Data under study >>
##############################
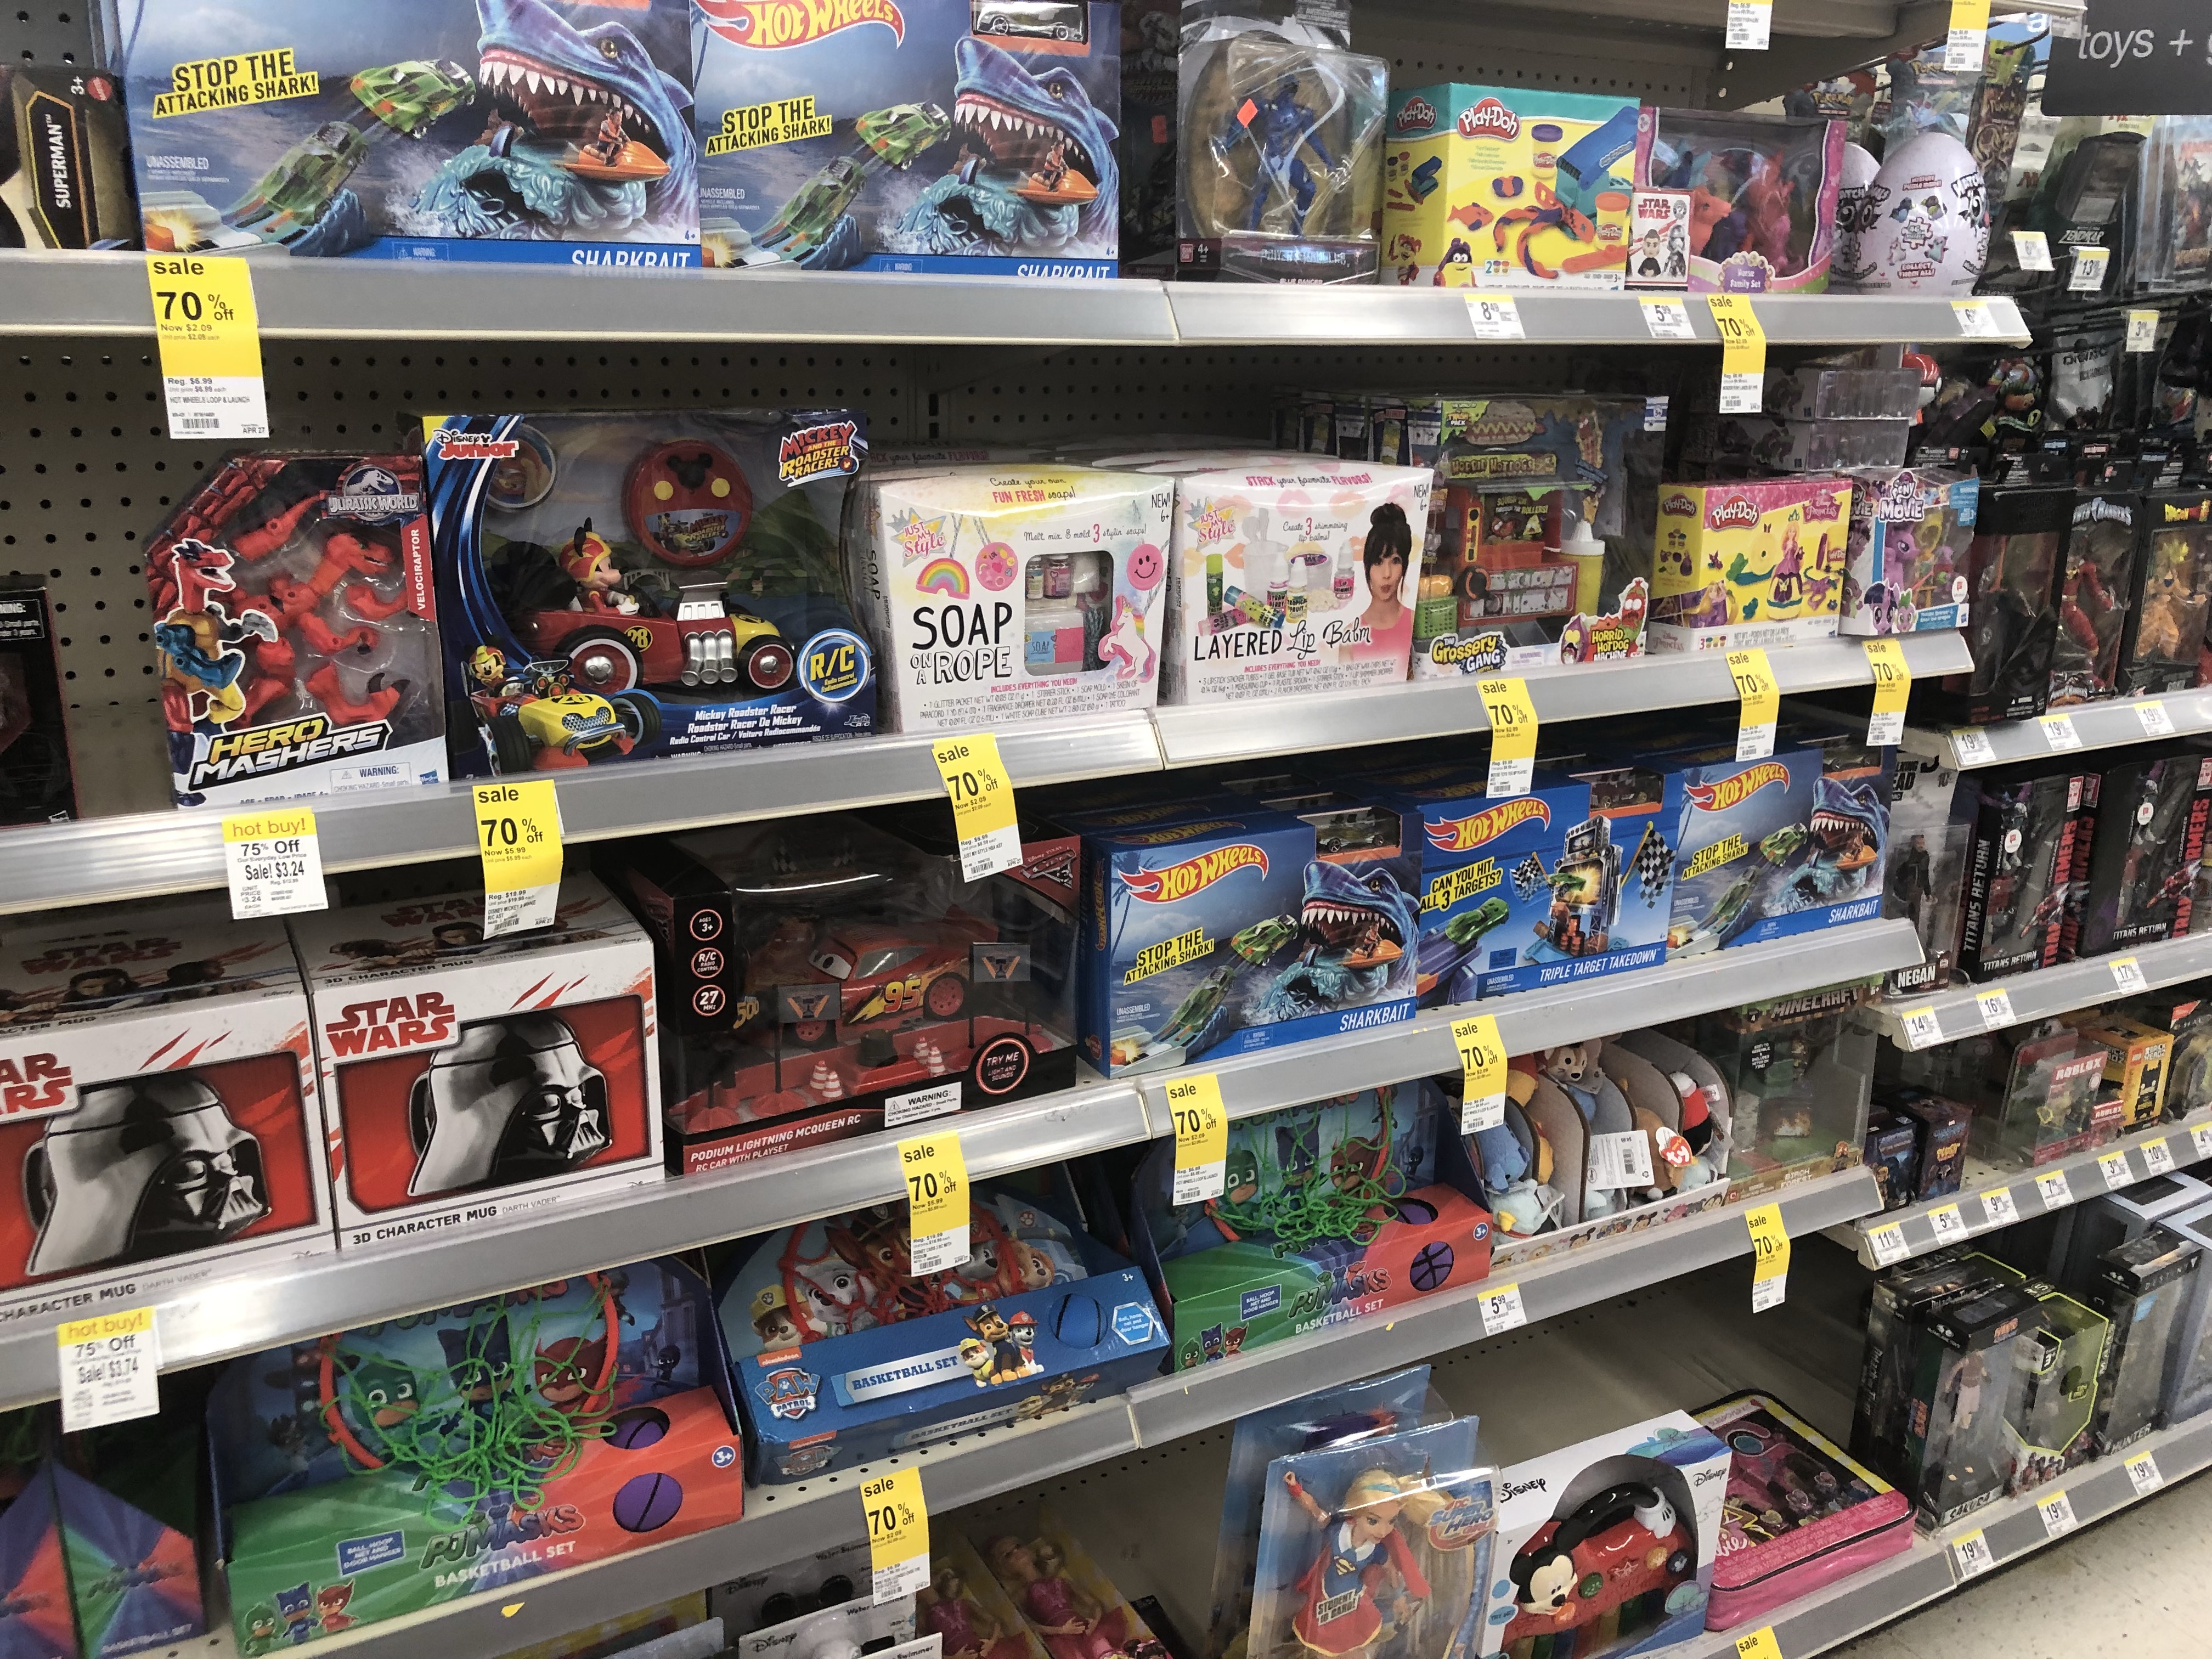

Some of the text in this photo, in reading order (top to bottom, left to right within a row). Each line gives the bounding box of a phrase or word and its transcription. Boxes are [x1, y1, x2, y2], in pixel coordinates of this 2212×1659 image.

[2078, 28, 2154, 69] toys
[174, 52, 294, 92] STOP THE
[155, 78, 317, 115] ATTACKING SHARK!
[724, 98, 812, 133] STOP THE
[707, 117, 831, 154] ATTACKING SHARK!
[146, 155, 208, 170] UNASSEMBLED
[1638, 199, 1669, 210] STAR
[1639, 208, 1669, 220] WARS
[154, 258, 204, 275] sale
[156, 291, 234, 321] 70 off
[1711, 297, 1733, 308] sale
[161, 324, 212, 332] Now $2.09
[1718, 318, 1742, 337] 70
[796, 458, 839, 477] RACERS
[990, 477, 1021, 488] Create
[1246, 474, 1373, 487] STACK favorite FLAVORS!
[330, 495, 417, 512] JURASSIC WORLD
[994, 487, 1075, 503] FUN FRESH soaps!
[1152, 494, 1171, 508] NEW!
[1879, 499, 1924, 521] MOVIE
[904, 521, 924, 538] JUST
[1024, 531, 1045, 541] Melt
[1283, 521, 1305, 533] Create
[904, 534, 945, 557] Style
[409, 529, 426, 610] VELOCIRAPTOR
[912, 602, 1012, 650] SOAP
[1592, 629, 1623, 642] HORRID
[628, 628, 648, 648] 28
[1031, 640, 1050, 653] SOAP
[1194, 619, 1372, 661] LAYERED Lip Balm
[1597, 640, 1613, 651] HOT
[1433, 635, 1497, 664] Grossery
[1867, 644, 1886, 653] sale
[810, 646, 854, 681] R/C
[911, 653, 932, 669] ON
[933, 646, 1012, 684] ROPE
[1466, 650, 1501, 673] GANG
[1873, 663, 1893, 681] 70
[991, 684, 1016, 693] INCLUDES
[1018, 681, 1049, 691] EVERYTHING
[1483, 682, 1506, 694] sale
[695, 704, 797, 721] Mickey Roadster Racer
[1488, 705, 1513, 725] 70
[687, 715, 803, 733] Roadster Racer De Mickey
[210, 718, 325, 762] HERO
[669, 730, 763, 745] Radio Control Car Voiture
[193, 726, 385, 786] MASHERS
[938, 745, 969, 763] sale
[359, 765, 399, 778] WARNING:
[478, 787, 519, 804] sale
[947, 772, 998, 801] 70 off
[970, 797, 986, 805] $2.09
[233, 819, 306, 838] hot buy!
[481, 818, 543, 847] 70 off
[274, 839, 300, 854] Off
[505, 847, 526, 855] $5.99
[245, 860, 305, 881] Sale! $3.24
[1431, 864, 1492, 894] CAN YOU HIT
[505, 890, 526, 898] $19.99
[1420, 873, 1502, 912] ALL 3 TARGETS?
[1828, 900, 1878, 923] SHARKBAIT
[698, 952, 716, 961] R/C
[1137, 929, 1202, 967] STOP THE
[1179, 941, 1214, 964] SHARK!
[1539, 964, 1570, 982] TRIPLE
[1573, 957, 1606, 977] TARGET
[1983, 951, 2037, 971] TITANS RETURN
[1897, 966, 1936, 988] NEGAN
[700, 991, 718, 1005] 27
[884, 979, 921, 1013] 95
[326, 991, 455, 1031] STAR
[1339, 1005, 1409, 1031] SHARKBAIT
[326, 1018, 456, 1057] WARS
[1455, 1023, 1479, 1037] sale
[987, 1052, 1019, 1066] TRY ME
[908, 1090, 951, 1106] WARNING:
[1170, 1084, 1197, 1099] sale
[1175, 1109, 1217, 1135] 70 off
[691, 1114, 861, 1163] PODIUM LIGHTNING MCQUEEN RC
[904, 1144, 935, 1164] sale
[909, 1173, 938, 1201] 70
[502, 1202, 528, 1214] DARTH
[376, 1206, 497, 1242] CHARACTER MUG
[1754, 1236, 1773, 1256] 70
[1296, 1299, 1384, 1334] BASKETBALL SET
[852, 1356, 958, 1390] BASKETBALL SET
[776, 1399, 811, 1411] PATROL
[864, 1478, 894, 1498] sale
[868, 1506, 896, 1535] 70
[435, 1541, 576, 1589] BASKETBALL SET
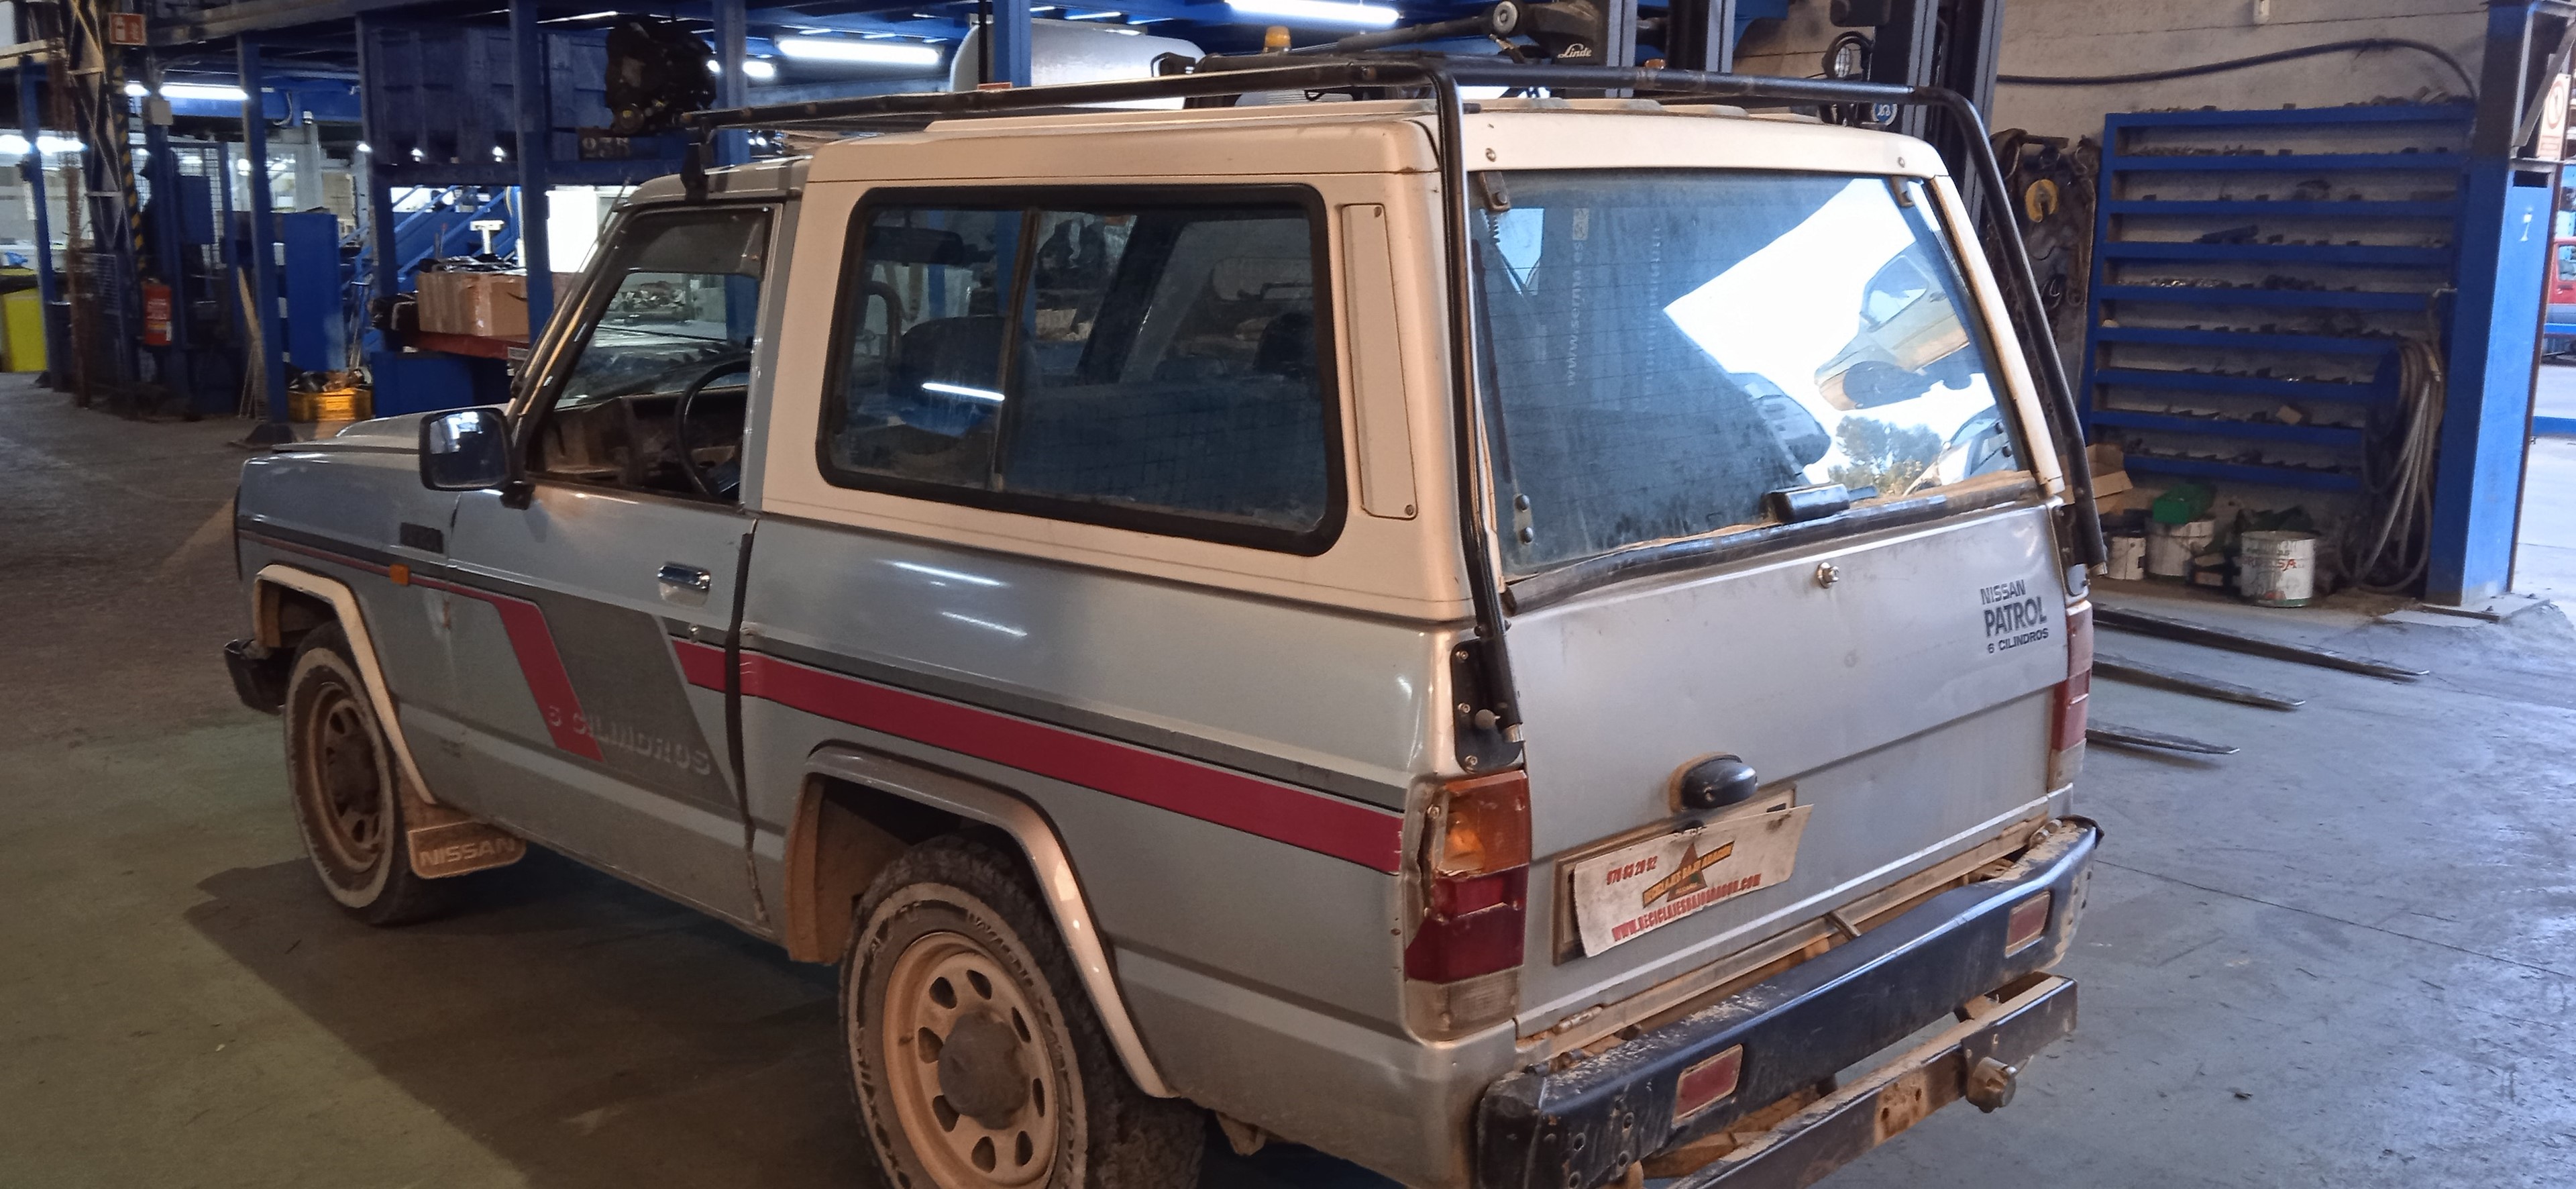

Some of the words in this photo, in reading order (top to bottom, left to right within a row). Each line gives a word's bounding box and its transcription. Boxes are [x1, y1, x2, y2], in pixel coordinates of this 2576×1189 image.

[1557, 43, 1592, 58] Linde
[1980, 579, 2026, 605] NISSAN
[1984, 597, 2047, 637] PATROL
[1988, 643, 1995, 654] 6
[1998, 628, 2049, 651] CILINDROS
[419, 838, 516, 866] NISSAN
##############################
A faithful, word-for-word copy of the data is needed; the pictures should not appear in it.

Solution to this problem >>
Some of the text in this photo, in reading order (top to bottom, left to right within a row). Each line gives the bounding box of a phrase or word and its transcription. Boxes are [x1, y1, x2, y2], in pixel coordinates of this 2212×1659 image.

[2078, 28, 2154, 69] toys
[174, 52, 294, 92] STOP THE
[155, 78, 317, 115] ATTACKING SHARK!
[724, 98, 812, 133] STOP THE
[707, 117, 831, 154] ATTACKING SHARK!
[146, 155, 208, 170] UNASSEMBLED
[1638, 199, 1669, 210] STAR
[1639, 208, 1669, 220] WARS
[154, 258, 204, 275] sale
[156, 291, 234, 321] 70 off
[1711, 297, 1733, 308] sale
[161, 324, 212, 332] Now $2.09
[1718, 318, 1742, 337] 70
[796, 458, 839, 477] RACERS
[990, 477, 1021, 488] Create
[1246, 474, 1373, 487] STACK favorite FLAVORS!
[330, 495, 417, 512] JURASSIC WORLD
[994, 487, 1075, 503] FUN FRESH soaps!
[1152, 494, 1171, 508] NEW!
[1879, 499, 1924, 521] MOVIE
[904, 521, 924, 538] JUST
[1024, 531, 1045, 541] Melt
[1283, 521, 1305, 533] Create
[904, 534, 945, 557] Style
[409, 529, 426, 610] VELOCIRAPTOR
[912, 602, 1012, 650] SOAP
[1592, 629, 1623, 642] HORRID
[628, 628, 648, 648] 28
[1031, 640, 1050, 653] SOAP
[1194, 619, 1372, 661] LAYERED Lip Balm
[1597, 640, 1613, 651] HOT
[1433, 635, 1497, 664] Grossery
[1867, 644, 1886, 653] sale
[810, 646, 854, 681] R/C
[911, 653, 932, 669] ON
[933, 646, 1012, 684] ROPE
[1466, 650, 1501, 673] GANG
[1873, 663, 1893, 681] 70
[991, 684, 1016, 693] INCLUDES
[1018, 681, 1049, 691] EVERYTHING
[1483, 682, 1506, 694] sale
[695, 704, 797, 721] Mickey Roadster Racer
[1488, 705, 1513, 725] 70
[687, 715, 803, 733] Roadster Racer De Mickey
[210, 718, 325, 762] HERO
[669, 730, 763, 745] Radio Control Car Voiture
[193, 726, 385, 786] MASHERS
[938, 745, 969, 763] sale
[359, 765, 399, 778] WARNING:
[478, 787, 519, 804] sale
[947, 772, 998, 801] 70 off
[970, 797, 986, 805] $2.09
[233, 819, 306, 838] hot buy!
[481, 818, 543, 847] 70 off
[274, 839, 300, 854] Off
[505, 847, 526, 855] $5.99
[245, 860, 305, 881] Sale! $3.24
[1431, 864, 1492, 894] CAN YOU HIT
[505, 890, 526, 898] $19.99
[1420, 873, 1502, 912] ALL 3 TARGETS?
[1828, 900, 1878, 923] SHARKBAIT
[698, 952, 716, 961] R/C
[1137, 929, 1202, 967] STOP THE
[1179, 941, 1214, 964] SHARK!
[1539, 964, 1570, 982] TRIPLE
[1573, 957, 1606, 977] TARGET
[1983, 951, 2037, 971] TITANS RETURN
[1897, 966, 1936, 988] NEGAN
[700, 991, 718, 1005] 27
[884, 979, 921, 1013] 95
[326, 991, 455, 1031] STAR
[1339, 1005, 1409, 1031] SHARKBAIT
[326, 1018, 456, 1057] WARS
[1455, 1023, 1479, 1037] sale
[987, 1052, 1019, 1066] TRY ME
[908, 1090, 951, 1106] WARNING:
[1170, 1084, 1197, 1099] sale
[1175, 1109, 1217, 1135] 70 off
[691, 1114, 861, 1163] PODIUM LIGHTNING MCQUEEN RC
[904, 1144, 935, 1164] sale
[909, 1173, 938, 1201] 70
[502, 1202, 528, 1214] DARTH
[376, 1206, 497, 1242] CHARACTER MUG
[1754, 1236, 1773, 1256] 70
[1296, 1299, 1384, 1334] BASKETBALL SET
[852, 1356, 958, 1390] BASKETBALL SET
[776, 1399, 811, 1411] PATROL
[864, 1478, 894, 1498] sale
[868, 1506, 896, 1535] 70
[435, 1541, 576, 1589] BASKETBALL SET

Some of the words in this photo, in reading order (top to bottom, left to right within a row). Each line gives a word's bounding box and its transcription. Boxes are [x1, y1, x2, y2], in pixel coordinates of this 2576×1189 image.

[1557, 43, 1592, 58] Linde
[1980, 579, 2026, 605] NISSAN
[1984, 597, 2047, 637] PATROL
[1988, 643, 1995, 654] 6
[1998, 628, 2049, 651] CILINDROS
[419, 838, 516, 866] NISSAN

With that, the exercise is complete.